Affluence’s Forgetfulness

Each place has particular idols. In the suburbs, the gospel reveals our faulty self-perception. Affluence trains our hearts to take grace for granted. We forget we are needy creatures. Our focus on self-sufficiency makes us white-knuckle our time and our souls.

There’s a reason Jesus told the rich young ruler to sell his possessions (Mark 10: 21-22). It’s not that affluence and success are bad things—many entrepreneurs like Lydia supported the work of the early church. But when we think we deserve our desires, we miss out on the kingdom of God. We, like the rich young ruler, go away sad.

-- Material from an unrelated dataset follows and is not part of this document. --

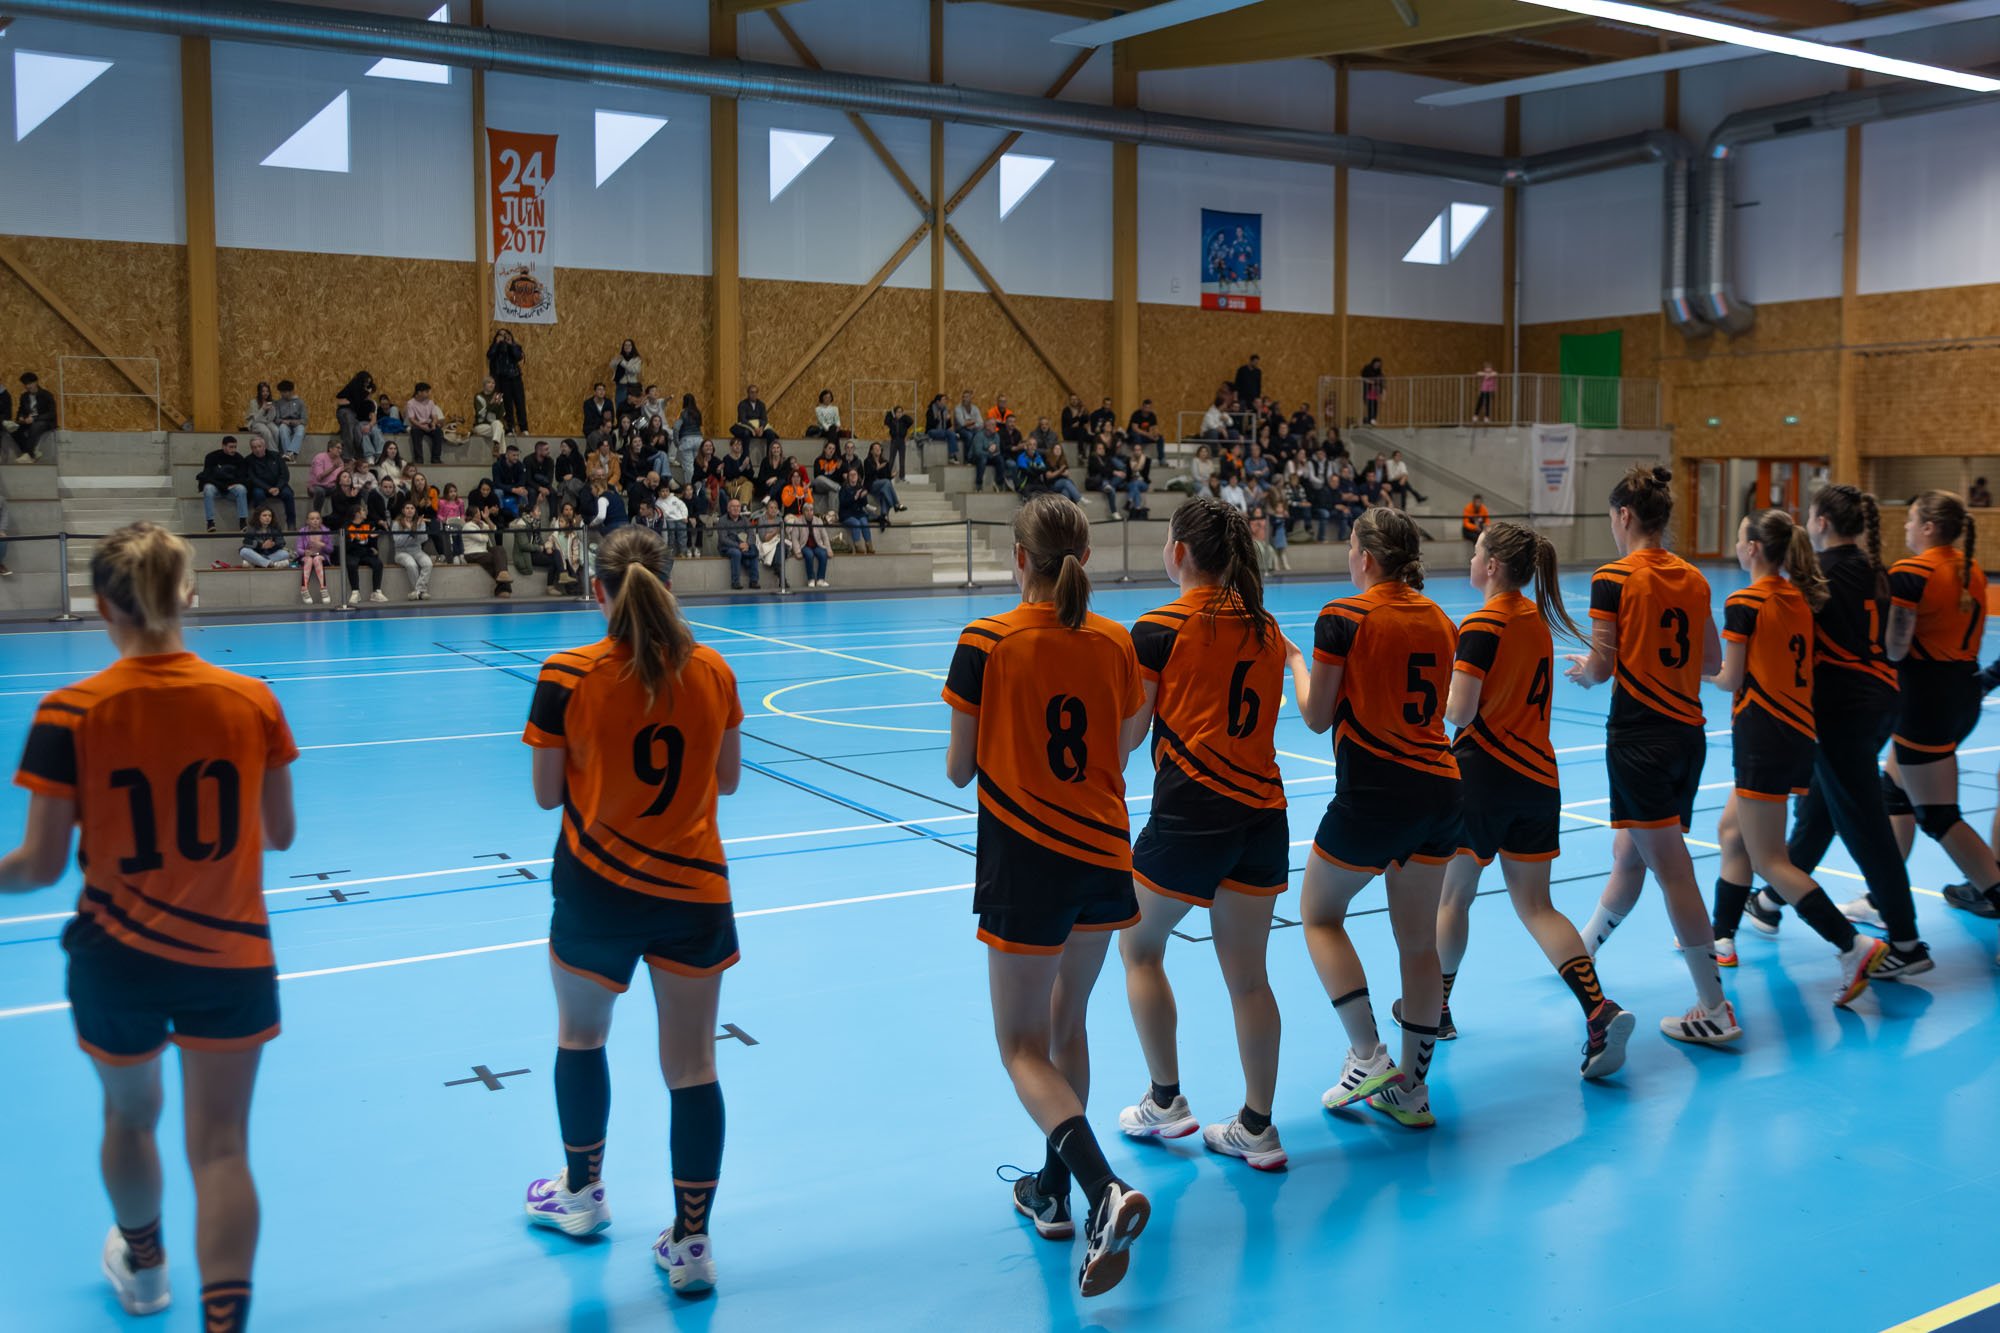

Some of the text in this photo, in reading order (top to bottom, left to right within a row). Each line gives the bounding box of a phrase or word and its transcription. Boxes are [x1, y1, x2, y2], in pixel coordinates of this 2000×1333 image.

Jesus isn’t one spoke in our lives; he’s the center from which all spokes originate and around which they orbit. As we provide for ourselves physically, financially, and materially, we can value our own self-sufficiency, competence, and skill above our need for God, his church, and love of neighbor. We can begin thinking that church is another product to consume, and that Jesus is another boss to mollify, pacify, or manipulate.

The Good Life

How can suburban churches offer a redeemed vision of abundant life, one that isn’t defined by a bigger house, the latest car, or the newest promotion?

It starts small. We pray for eyes to see ourselves as spiritually impoverished. We commit to a local congregation. We invest in friendships. We live lives of radical welcome. Above all, we create margin in our schedules to commune with God and his church, and to offer ordinary means of grace to our neighbors.

Loving the suburbs isn’t about flashy church programs. Instead, it’s inviting people into our homes for simple food and real conversations. It’s making space in our lives for our neighbors, both next door and around the globe. It’s being there when the “good life” ultimately fails to satisfy. It’s pointing to a better kingdom.

We have all we need in Christ. We’re abundantly loved. We have purpose and hope, grace and mercy. We’re children of God. We have so many true riches to offer—how can we not share them with others?